A number of measures to prevent the degradation of coolant by microorganisms have been attempted with the objective to prolong the life of the coolant and to reduce odors and health risks associated with coolant spoilage. To minimize these risks and the hazards of contaminated coolant fluids, many facilities add appreciable levels of various biocides to coolant fluids to kill and inhibit the growth of microorganisms (e.g. U.S. Pat. No. 3,230,137). In general, coolants perform properly in the presence of these additives. However, allergic reactions to the biocides were common. In many cases, the biocides interacted with the skin of workers and caused various forms of hypersensitivity and dermatitis. In short, although bacterial counts can be reduced over the short term, biocides were often more problematic than the microorganisms themselves. Ultimately, the microorganisms overcome the biocides and the microbial degradation of coolant and contaminants results in foul odors in the work environment.
Conventional techniques, although useful in the short term, do not provide long term reduction of microbial counts in large industrial systems by more than a single log and, more importantly, only prolong coolant life for a short period despite their high cost. Other techniques such as aeration of coolant and thorough cleaning of the lines and machines through which the coolant flows proved to be largely unsuccessful in maintaining low levels of bacterial populations.
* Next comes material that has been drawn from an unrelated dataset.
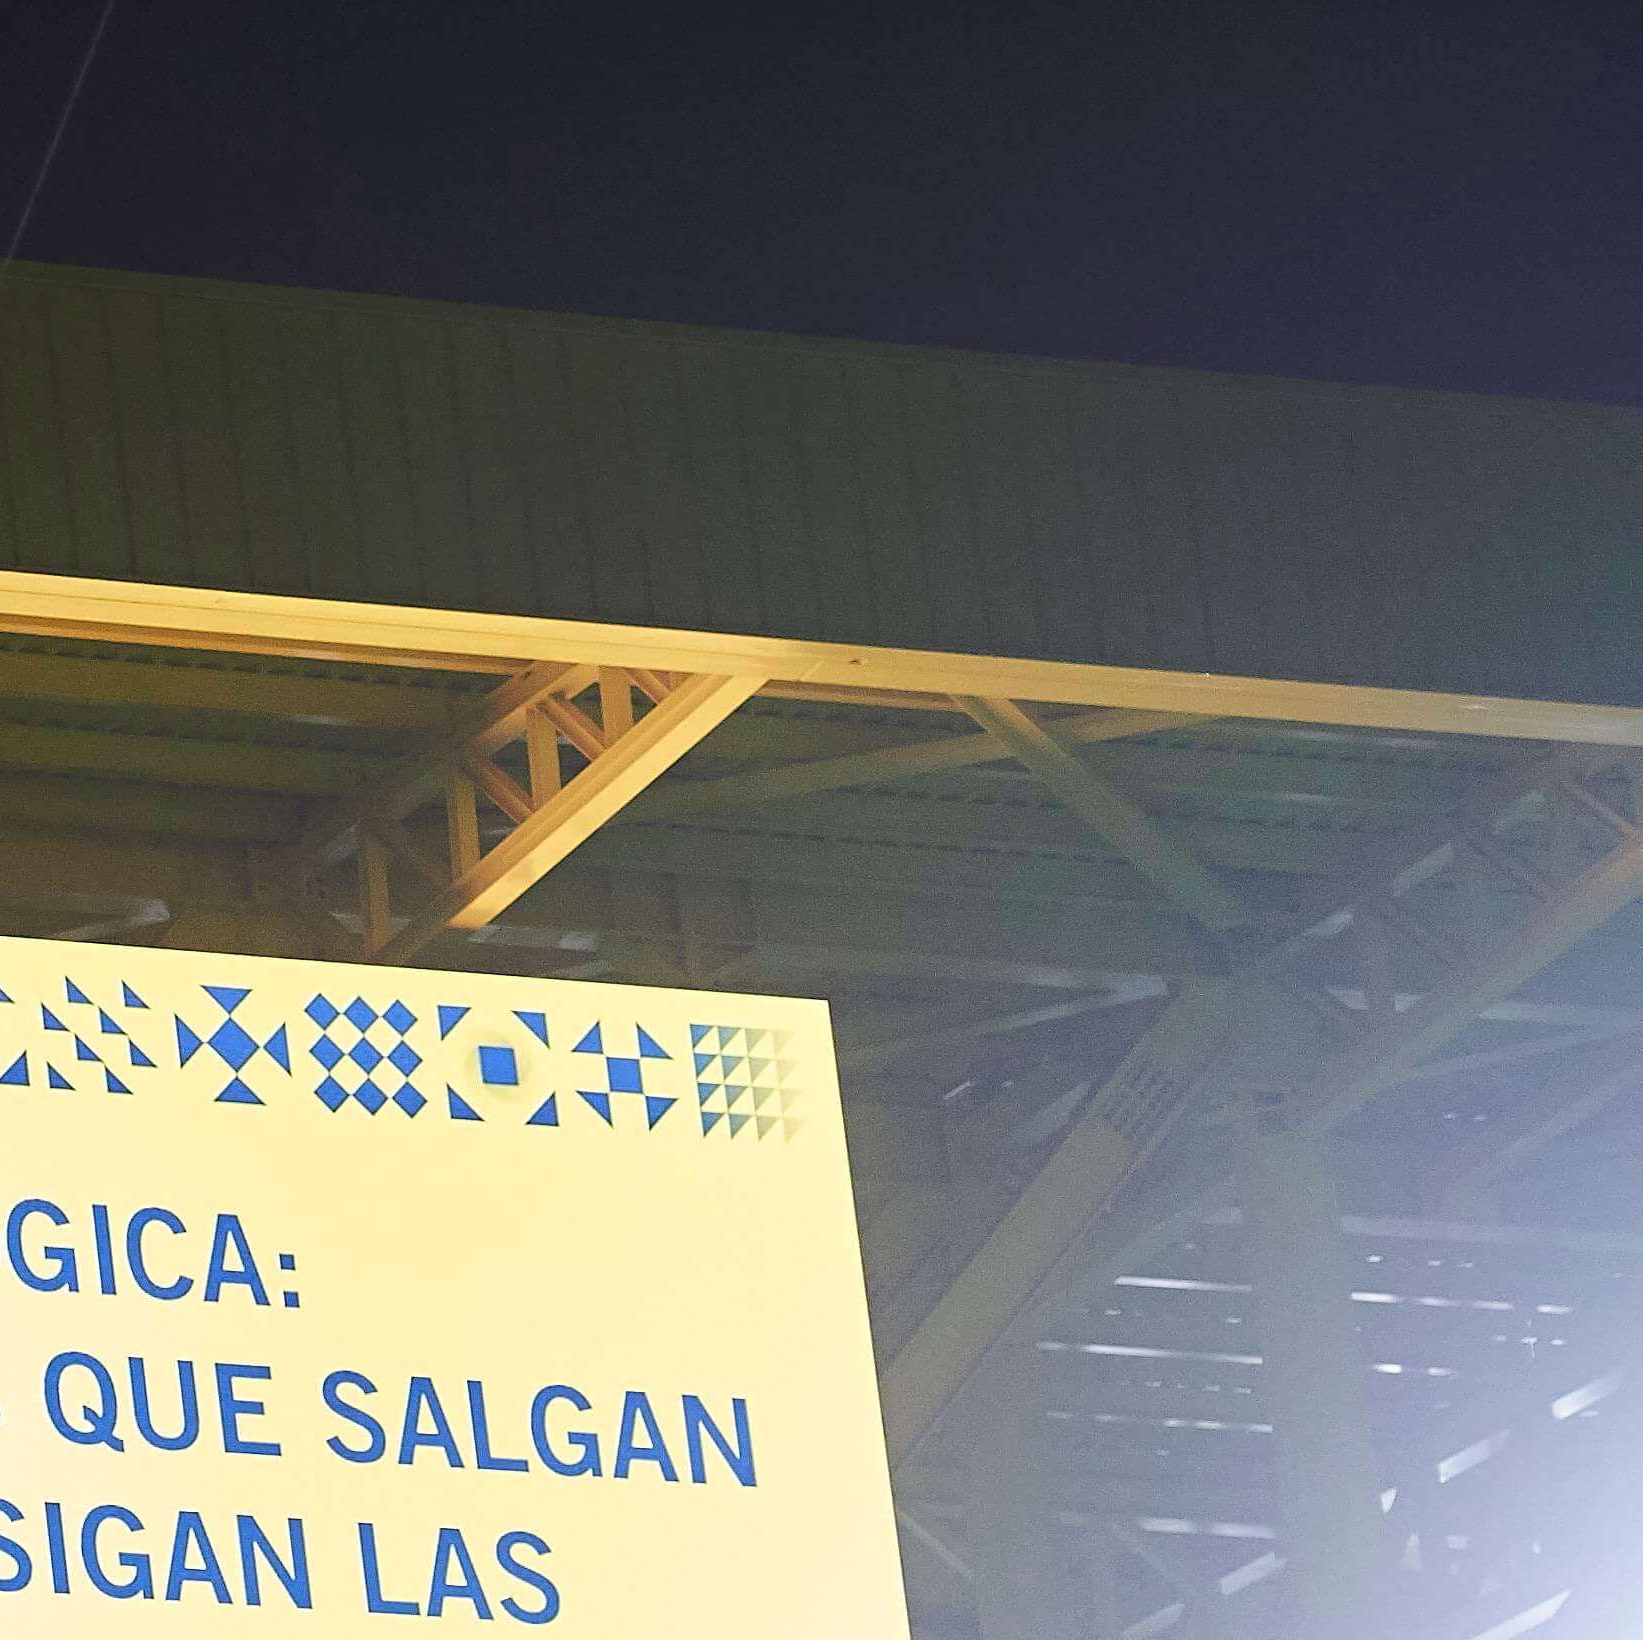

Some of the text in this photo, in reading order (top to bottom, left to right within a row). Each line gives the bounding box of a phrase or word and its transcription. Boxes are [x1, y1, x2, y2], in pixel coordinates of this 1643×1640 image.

Bacteria regrow in this environment due to the presence of available nutrients, and overcome inhibitory factors introduced by aeration or chemical management. Ultimately, the bacteria take hold throughout the coolant system.
Other, newer methods for the disinfection of coolant include pasteurization. In this process, coolant is heated to a pasteurizing temperature for a required period of time and subsequently cooled to an operating temperature. This process is energy intensive and the costs, resulting from the heating and cooling steps, are high. Although attempts have been made to keep pasteurization temperatures below the critical temperature that would destroy or denature the coolant, constant temperature cycling negatively effects coolant components. Consequently, there is a strong need for a safe and environmentally friendly method for the disinfection of industrial and other fluids.